Coatings of biomedical implant surfaces by a bioactive calcium phosphate film render bioactivity to the implant surface and shorten the healing time. In this present study, calcium metaphosphate (CMP) sol was synthesized by sol–gel method and coated onto the titanium alloys (Ti-6Al-4V). CMP sol was first synthesized by reacting Ca(NO₃)₂4H₂O (Sigma–Aldrich 99%, USA) with (OC₂H₅)₃P (Fluka 97%, Japan) in methyl alcohol. A stoichiometric Ca/P ratio of 0.5 was obtained by varying the amounts of the reactants. Sol was then coated on Ti-6Al-4V substrates by spin coating. The coated-specimens were then dried at 70 °C for 24 h, followed by a heat treatment at 650 °C for 1 h. Structural and chemical properties of the coatings were evaluated using XRD, SEM, and EPMA. The dissolution property of the coated-CMP layer was investigated by immersing the samples in the simulated body fluid (SBF) for 1, 3, 7 and 21 days.
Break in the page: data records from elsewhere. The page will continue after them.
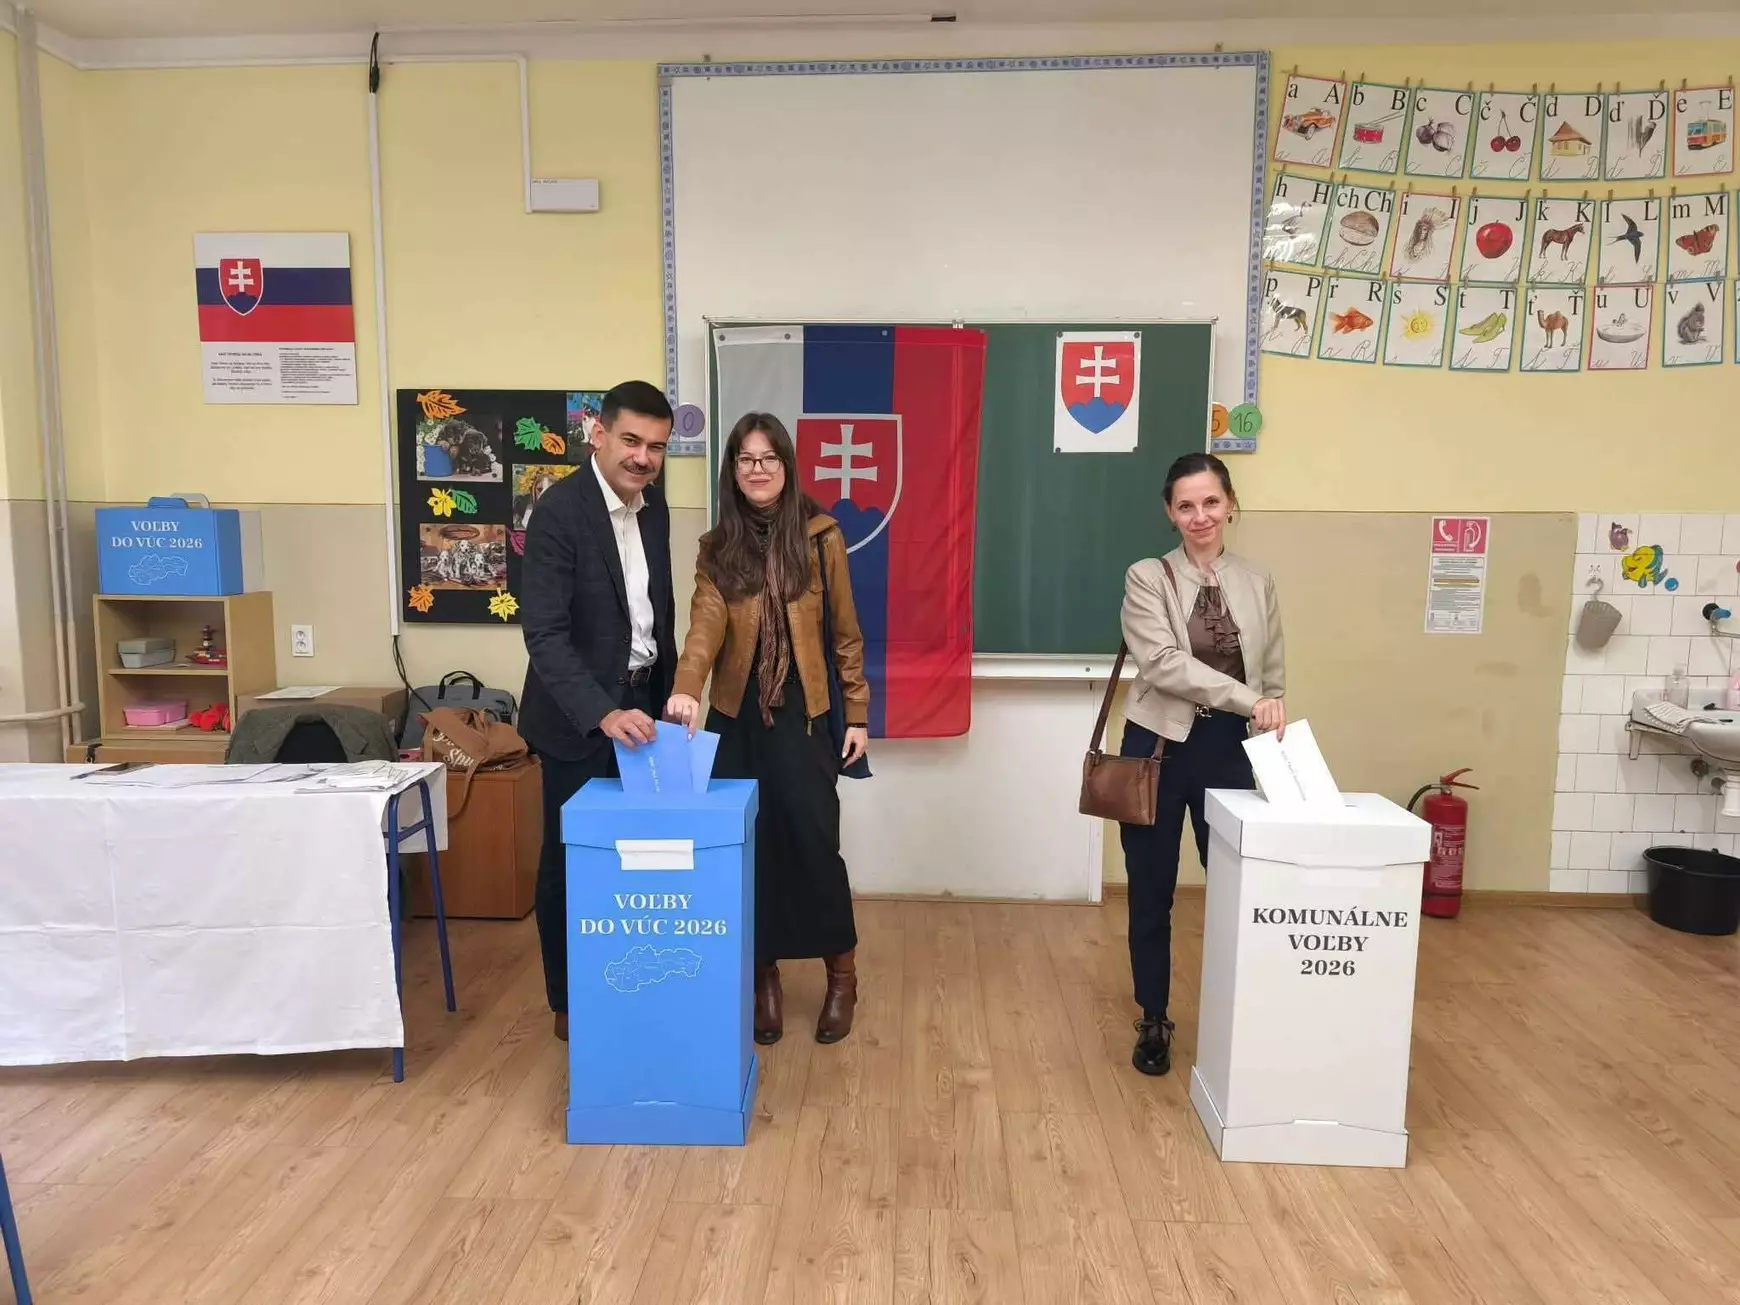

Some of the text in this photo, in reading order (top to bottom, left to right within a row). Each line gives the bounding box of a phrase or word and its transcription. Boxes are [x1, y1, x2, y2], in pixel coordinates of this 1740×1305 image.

[1288, 83, 1340, 104] a A
[1353, 85, 1406, 110] b B
[1677, 90, 1732, 113] e E
[1416, 94, 1471, 115] c C
[1480, 96, 1536, 122] č Č
[1546, 96, 1601, 117] d D
[1609, 93, 1665, 123] ď Ď
[1276, 177, 1330, 205] h H
[1337, 188, 1392, 213] ch Ch
[1403, 194, 1457, 219] i I
[1469, 199, 1525, 225] j J
[1538, 201, 1591, 223] k K
[1645, 201, 1658, 221] L
[1673, 196, 1725, 219] m M
[1265, 277, 1321, 297] p P
[1329, 282, 1383, 302] r R
[1393, 285, 1448, 306] s S
[1668, 290, 1678, 304] v
[1706, 282, 1720, 302] V
[1459, 290, 1514, 309] t T
[1528, 290, 1583, 315] ť Ť
[1597, 288, 1648, 309] u U
[1233, 412, 1253, 432] 16
[111, 536, 133, 547] DO
[169, 538, 203, 548] 2026
[614, 893, 692, 910] VOĽBY
[580, 915, 727, 935] DO VÚC 2026
[1252, 905, 1408, 928] KOMUNÁLNE
[1288, 934, 1369, 952] VOĽBY
[1300, 959, 1356, 977] 2026
The concentration of Ca²⁺ released was measured using ICP. After heat treatment, SEM indicated a smooth and uniform CMP layer, with CMP grains of approximately 100 nm. The CMP phase was identified with δ-CMP (JCPDS #9-363). After immersion in SBF, coatings were observed to be roughened and porous. The concentration of Ca²⁺ in SBF was observed to increase over time, indicating continuous dissolution. The presence of titanium oxide phosphate compounds were also observed on CMP surfaces after immersion. It was thus concluded that the ability to control coating properties as well as the need for low heat treatment temperature offers advance for the use of CMP coating by sol–gel process on Ti-6Al-4V implant surfaces.